Design and Analysis of a Cardiovascular Device /
Faizan Javed
- 213p. Soft Copy 30cm
The field of catheter intervention provides a minimally invasive approach to treating cardiovascular diseases. While existing research focuses on catheters from biological and mechanical engineering perspectives, limited literature addresses the mechanical properties of catheter shafts. This study aims to design laser-cut patterned reinforced shafts for catheters to enhance their mechanical properties and performance. The research emphasizes the importance of mechanical characteristics, such as tensile strength, flexibility, pushability, and burst pressure for successful catheter procedures.
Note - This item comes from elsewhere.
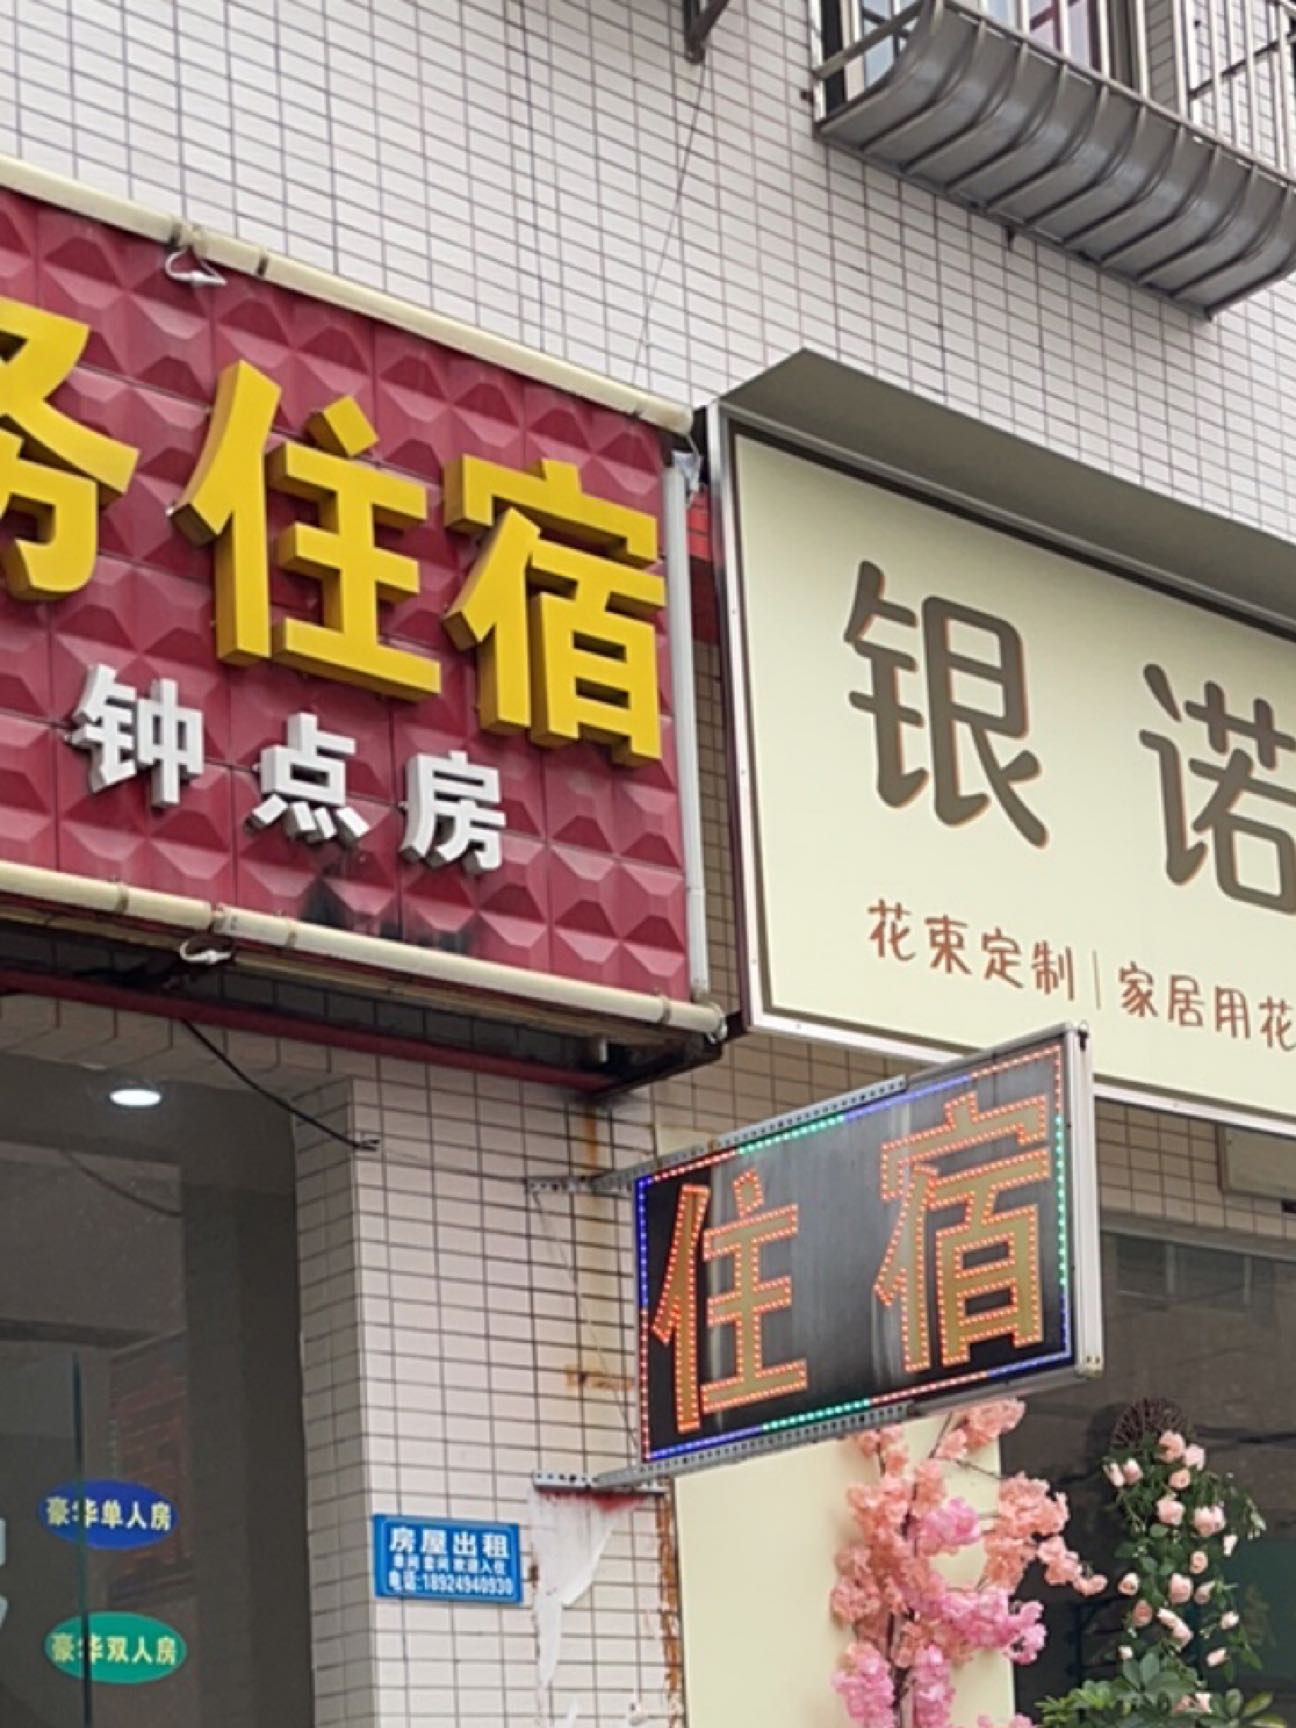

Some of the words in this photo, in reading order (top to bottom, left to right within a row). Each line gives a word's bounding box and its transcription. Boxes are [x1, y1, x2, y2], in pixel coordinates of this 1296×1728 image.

Currently, no standard testing method exists for evaluating the mechanical properties of catheter shafts, although ISO standards cover bench testing of coronary catheters. This research proposes evaluating catheter performance by varying design parameters, including coated material and laser-cut pattern. The study evaluates the flexibility, axial compression, torquability, and pressure endurance of the catheter shafts. Additionally, a reliable method for evaluating the mechanical properties of catheter shafts is proposed. The methodology involves defining catheter parameters, designing laser-cut patterns, performing mesh convergence analysis, and conducting finite element analysis (FEA). Design parameters include variations LCT patterns and coatings. Mesh convergence analysis reveals that using the same mesh size for the coating and shaft yields effective results. The findings underscore the importance of maintaining consistent design features across different patterns and employing a fine-mapped mesh for accurate outcomes. In conclusion, this research advances the understanding and characterization of catheter shafts' mechanical properties. The proposed design optimizations and evaluation methods can enhance catheter design and performance in media delivery applications. Future directions involve creating a design database, using shape memory alloys, & patient specific LCT catheter design.